Наталья перегнулась через стол и вцепилась в рукав Нинон.
– Невозможно было удержаться… Ты понимаешь? Там такие шмотки… Просто кровь в жилах стынет…
– А если хозяйка вернется?
– Хозяйка укатила в Ниццу.
– Ты и это успела выяснить? А если она вернется сегодня вечером? Если уже вернулась?
– Объясняю еще раз. В холодильнике стояло молоко. А на молоке стояла дата. Третье февраля. Третье. А сегодня девятое.
– Ты, я смотрю, не только авантюристка, но и частный детектив. Причем не очень хороший. А может, она отправилась в эту свою Ниццу на шесть дней, откуда ты знаешь?
– Нинон! – Наталья достала сигареты и закурила. – Я занимаюсь туристическим бизнесом уже четыре года. Шесть дней – не срок для тура. Есть неделя, есть две, есть десять дней.
– Плебейка! – Нинон саркастически затрясла пудовой грудью. – Возвращайся в свой Днепропетровск. Не думаю, что такая обеспеченная дамочка, как эта твоя Дарья Литвинова, будет бегать с группой от одной достопримечательности к другой. Может, она вообще в Монте-Карло отправилась, капиталы спускать. Или решила оттянуться с возлюбленным среди орхидей. Таким женщинам туры не нужны, они их унижают. Ясно выражаюсь?
– Куда уж яснее. – Наталья нахмурилась. Проницательная Нинон только озвучила ее мысли, не больше.
– И потом этот ее кекс… Как, ты говоришь, его зовут?
– Денис.
– Ага. Этот Денис – типичная акцентуированная личность с ярко выраженными фобиями. Сегодня он кладет ключ в ящик, а завтра… Завтра он припрется и начнет высаживать двери. Хотела бы я на тебя посмотреть в этот момент.

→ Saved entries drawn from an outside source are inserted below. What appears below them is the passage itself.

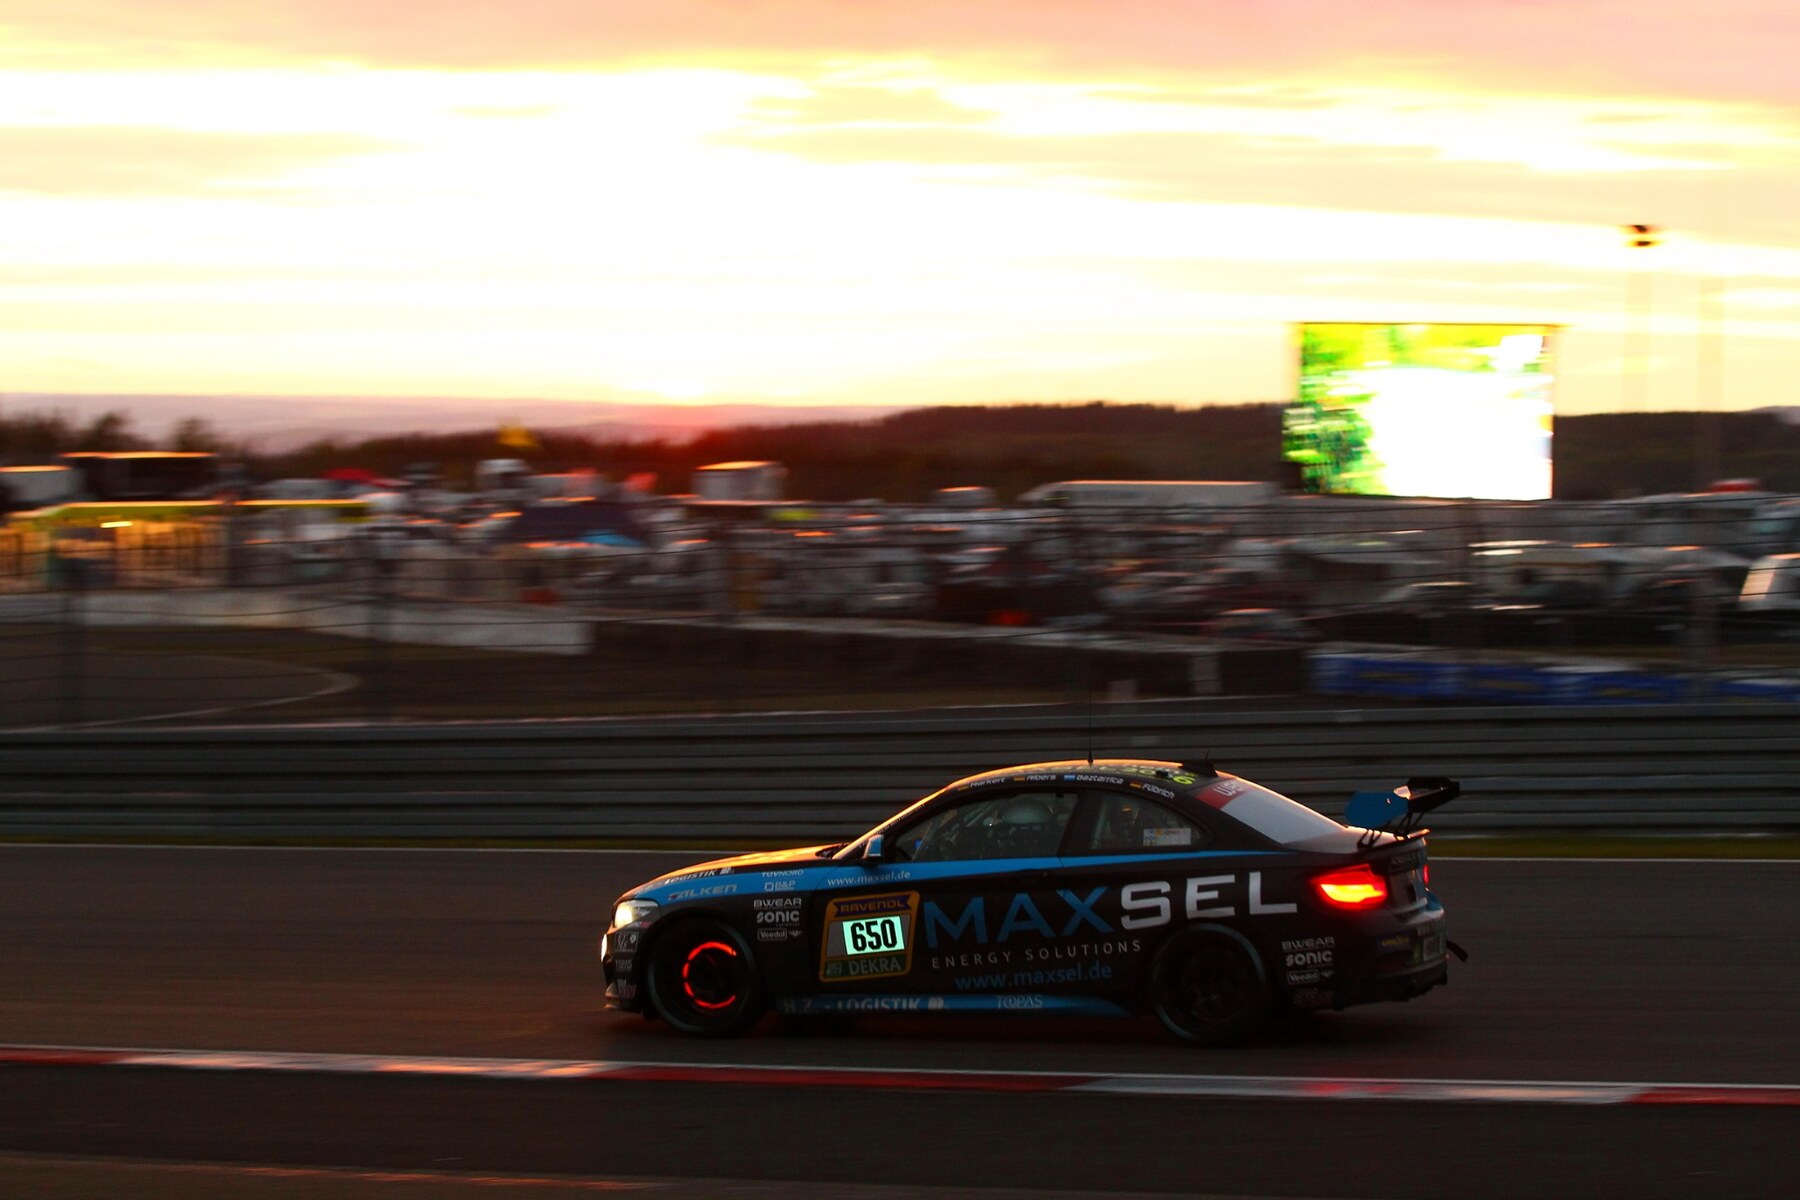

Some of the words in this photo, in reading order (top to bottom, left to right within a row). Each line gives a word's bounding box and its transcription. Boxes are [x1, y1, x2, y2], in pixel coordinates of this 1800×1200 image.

[664, 869, 717, 885] LOGISTIK
[827, 869, 911, 887] www.maxsel.de
[667, 883, 738, 901] FALKEN
[840, 899, 904, 913] RAVENOL
[922, 871, 1298, 949] MAXSEL
[759, 929, 785, 939] Veedol
[850, 919, 898, 952] 650
[931, 951, 1012, 970] ENERGY
[1025, 939, 1141, 962] SOLUTIONS
[848, 957, 901, 976] DEKRA
[954, 961, 1112, 991] www.maxsel.de
[837, 997, 922, 1011] LOGISTIK
[996, 994, 1043, 1009] TOPAS

– Он уехал в Москву. И будет десятого. То есть только завтра.
– Его письмо у тебя?
Наталья достала из портфеля письмо и протянула его Нинон. И пока раскрасневшаяся от эклеров Нинон изучала неровные и отчаянные строчки, Наталья молча любовалась подругой. Подглядывание в замочную скважину и участие в чужих судьбах делает Нинон чертовски привлекательной. Этакая стокилограммовая праматерь человечества, всевидящее око и перст судьбы по совместительству.
– Ну все понятно, – Нинон оторвалась от увлекательного чтива и взглянула на Наталью. – Что и требовалось доказать. Никуда он не уйдет от этой твоей Дарьи. Влюблен по уши и шантажирует.
– Откуда ты знаешь?
– А чего тут знать? Проклинает, швыряет в морду обвинения, а потом приписывает: если передумаешь – позвони. А в подтексте есть еще и продолжение: если не передумаешь – позвоню сам. В дверной звонок. Так что жди визита. А лучше – забудь ты про эту квартиру.
– А собака?
– При чем здесь собака? Дело ведь не в собаке, правда? Тебя достала коммуналка, хочешь вырваться хоть на день, пожить другой жизнью. Правда?
Не в бровь, а в глаз.
– Правда, – вздохнула Наталья.
– Это опасно. Поверь мне.
– Нинон! Что за философские беседы? Ты же ведешь совсем другую рубрику.
– Сегодня ты осела в ее квартире, а завтра захочешь стать ею самой. Что будешь делать, когда она вернется, эта твоя Дарья?
– Тоже вернусь. В свою жизнь.
– Давай, что ли, коньяку хряпнем. – Нинон сложила письмо и протянула его Наталье. – Не нравится мне вся эта ситуация.
– Почему?
– Журналистское чутье. Из своего круга вырваться невозможно. – Нинон поднялась, проплыла в сторону стойки и вернулась с двумя бокалами коньяка.
Они молча выпили.
– У меня нет своего круга, ты же знаешь, – вздохнула Наталья. – Дом – работа, работа – дом.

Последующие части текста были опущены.